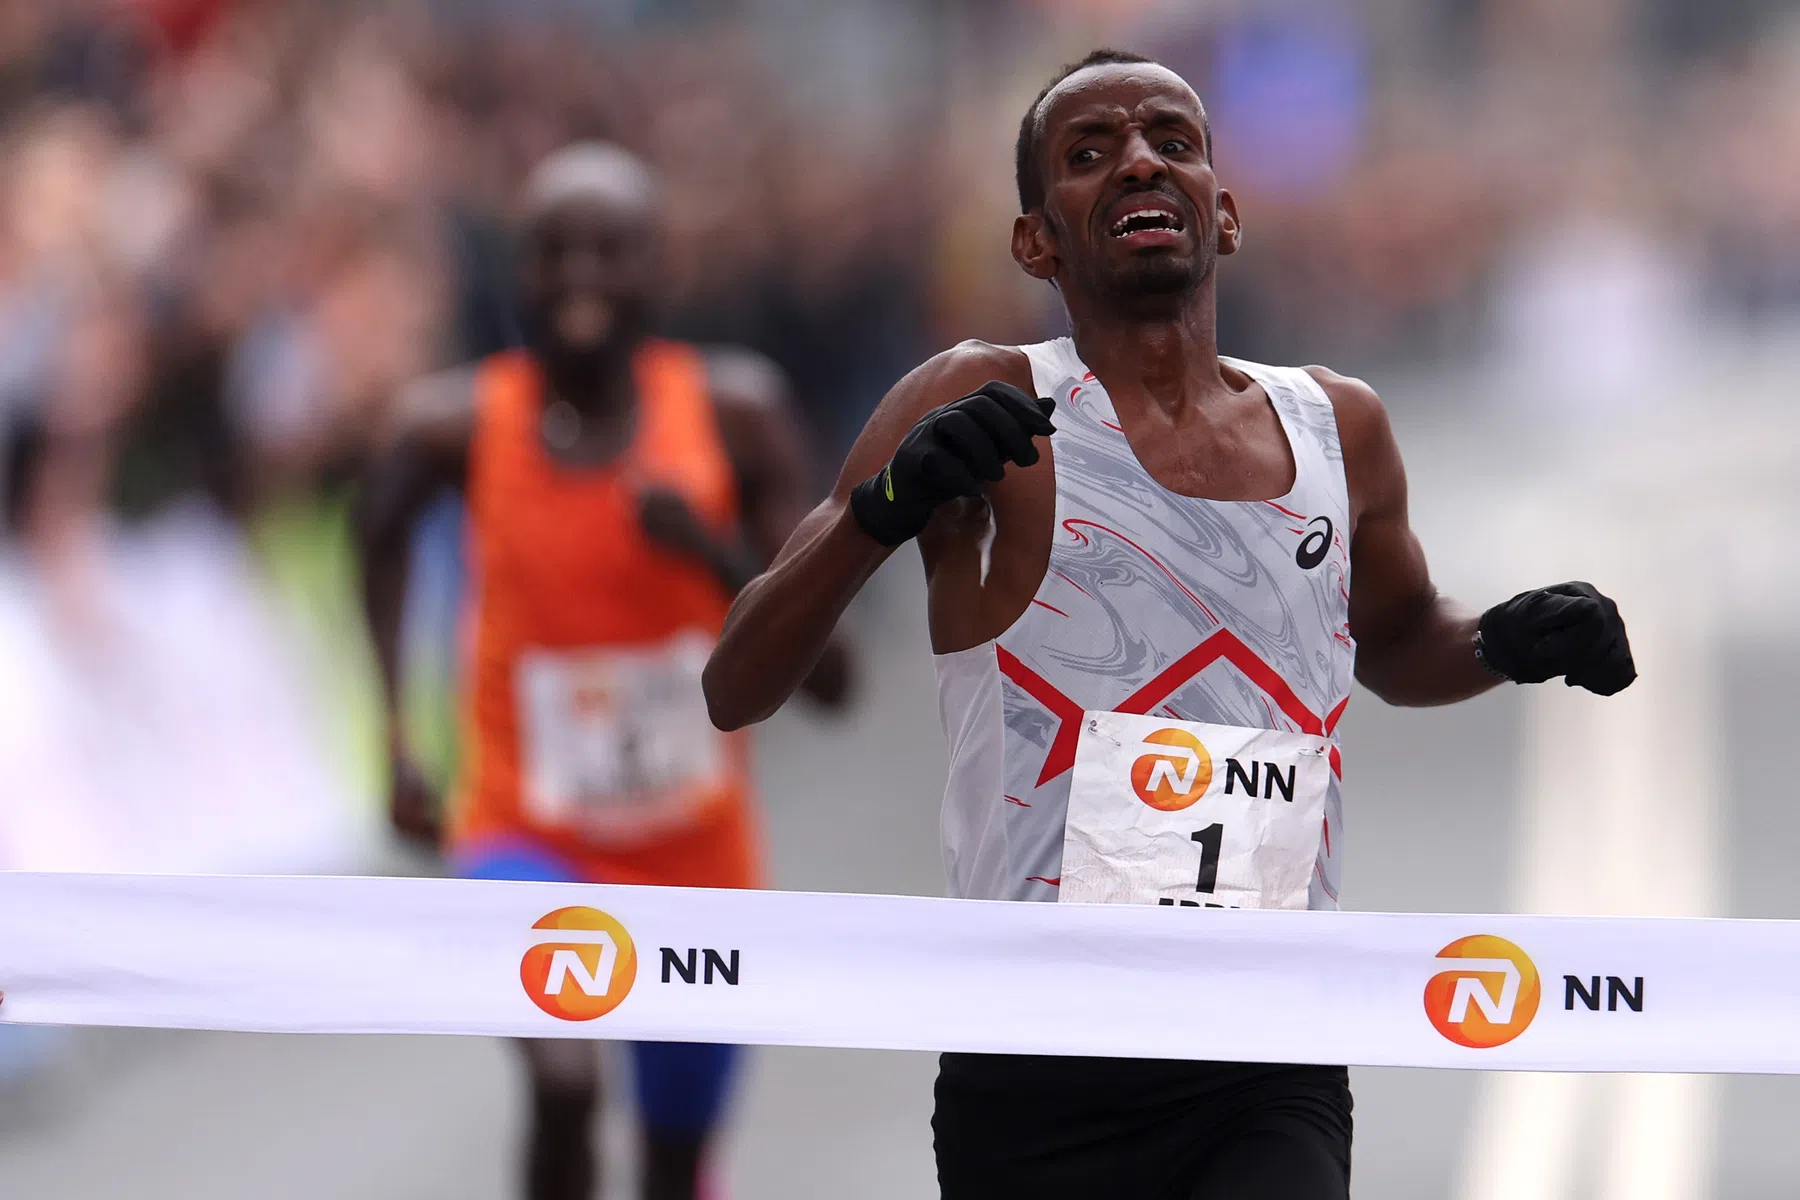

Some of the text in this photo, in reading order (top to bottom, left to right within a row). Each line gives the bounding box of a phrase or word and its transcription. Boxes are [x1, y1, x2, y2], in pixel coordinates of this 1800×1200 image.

[1225, 757, 1297, 803] NN
[1190, 822, 1224, 894] 1
[659, 947, 740, 986] NN
[1562, 974, 1644, 1012] NN
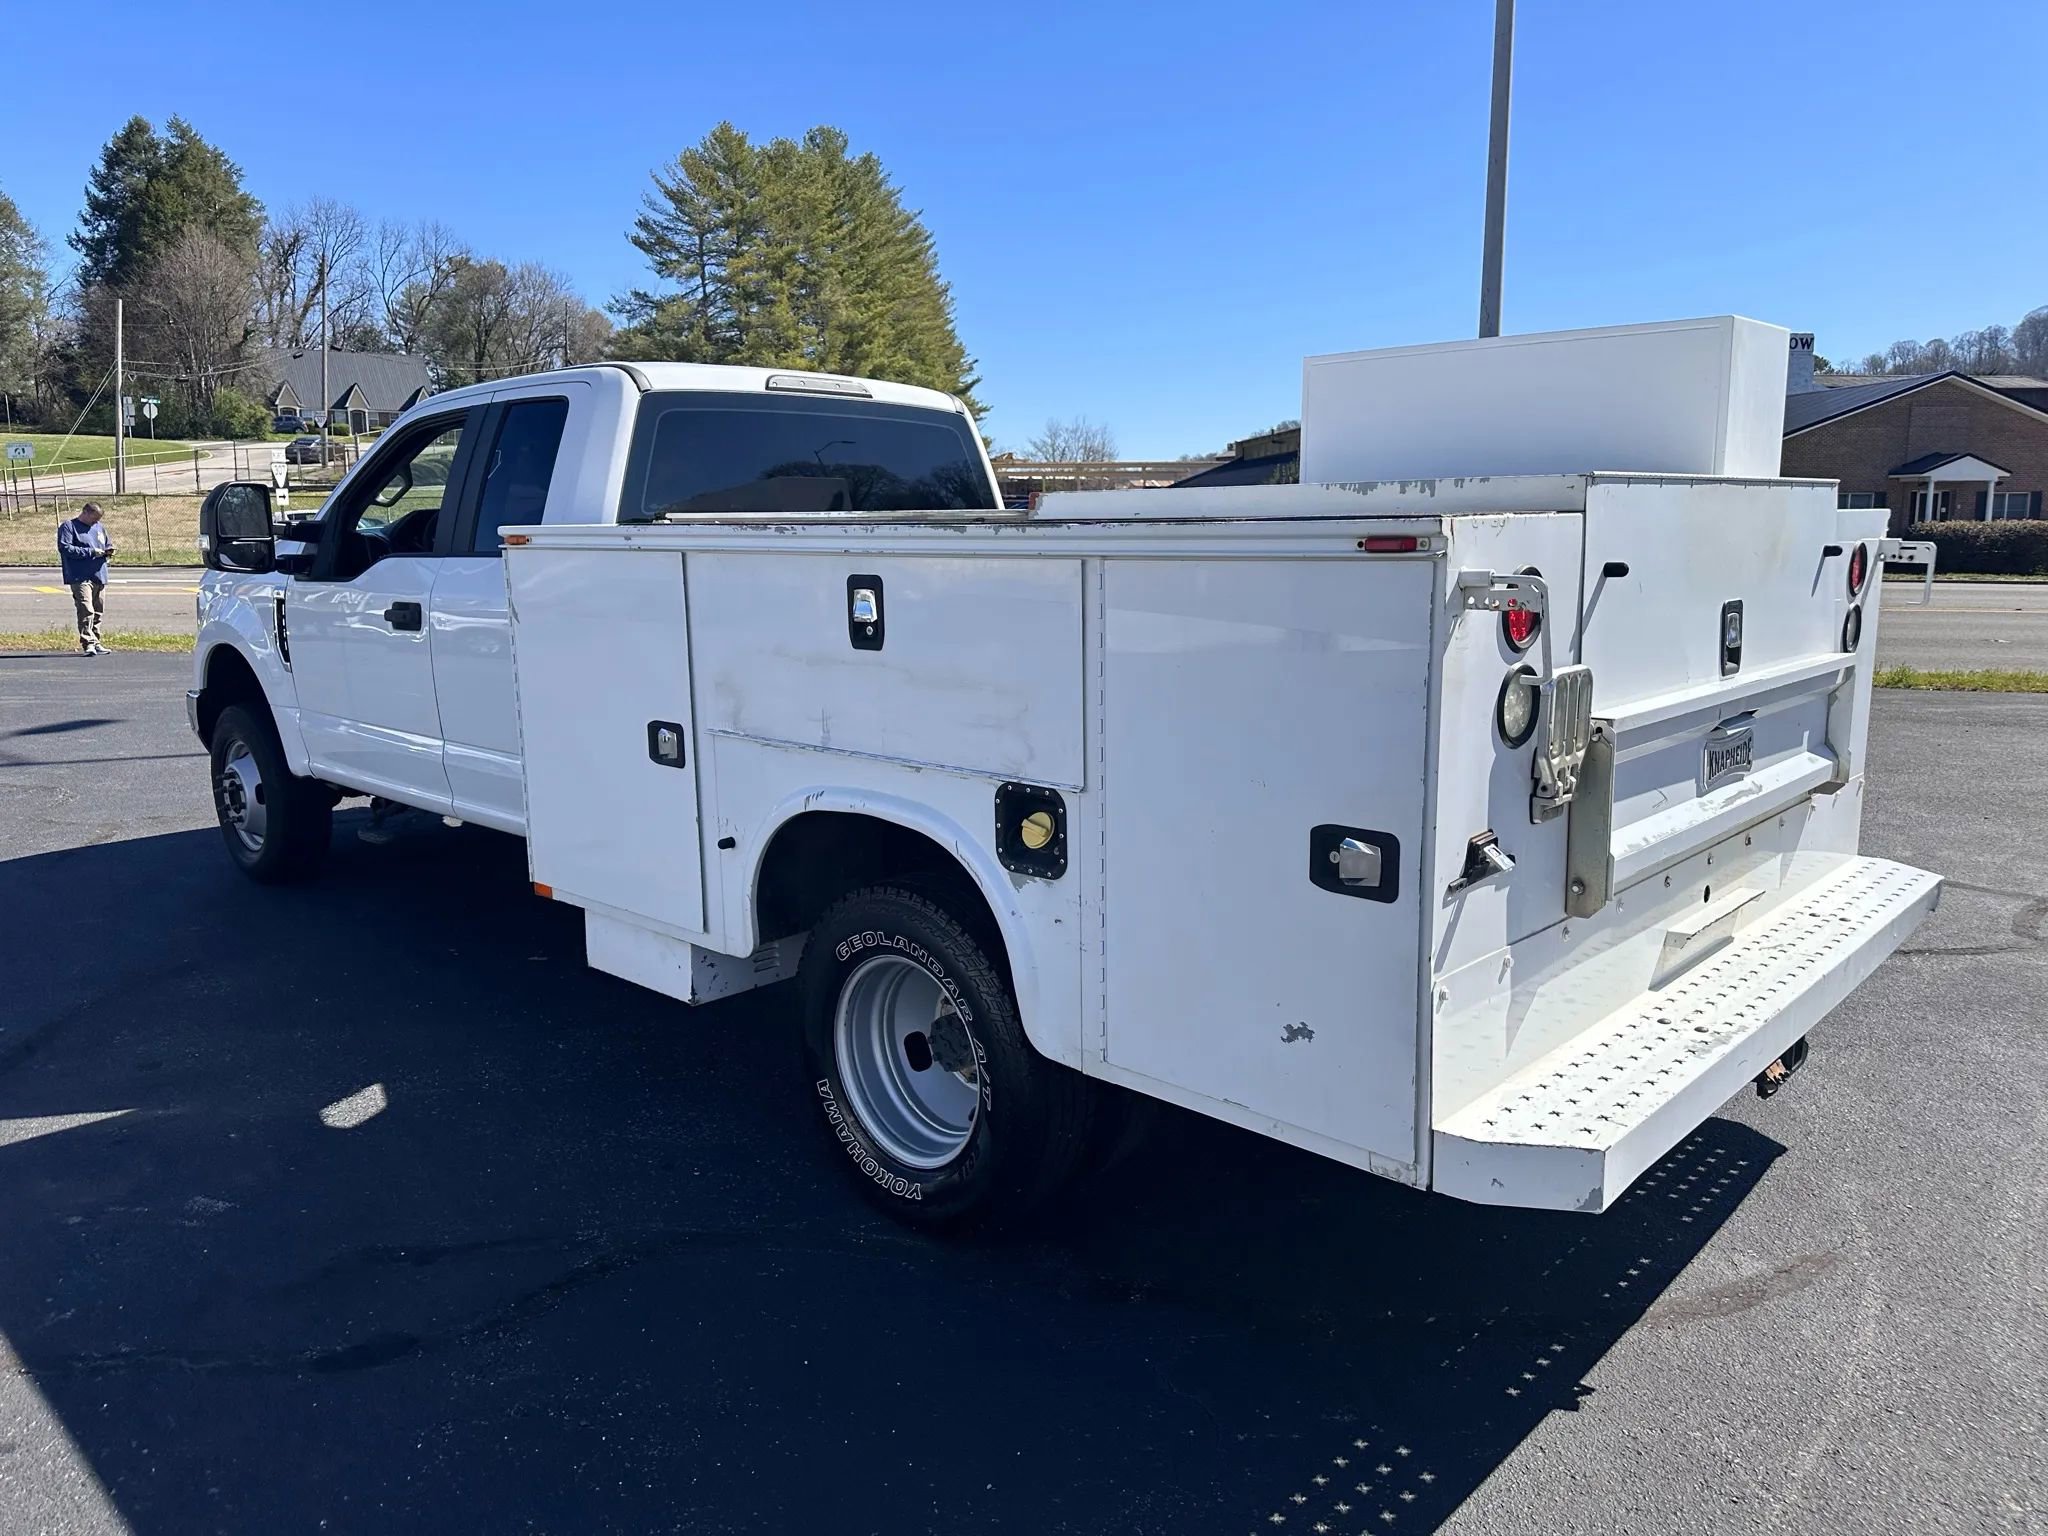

* * * *

_Task to carry out:_
When you copy the lines above, drop the pictures and keep everything else exact.

_Answer box:_
Some of the text in this photo, in reading order (top to bottom, left to right within a row). Each line gives the bounding box of a phrase or word and its transcription. Boxes are [x1, y1, x2, y2], in pixel coordinates of this 1800×1200 image.

[1225, 757, 1297, 803] NN
[1190, 822, 1224, 894] 1
[659, 947, 740, 986] NN
[1562, 974, 1644, 1012] NN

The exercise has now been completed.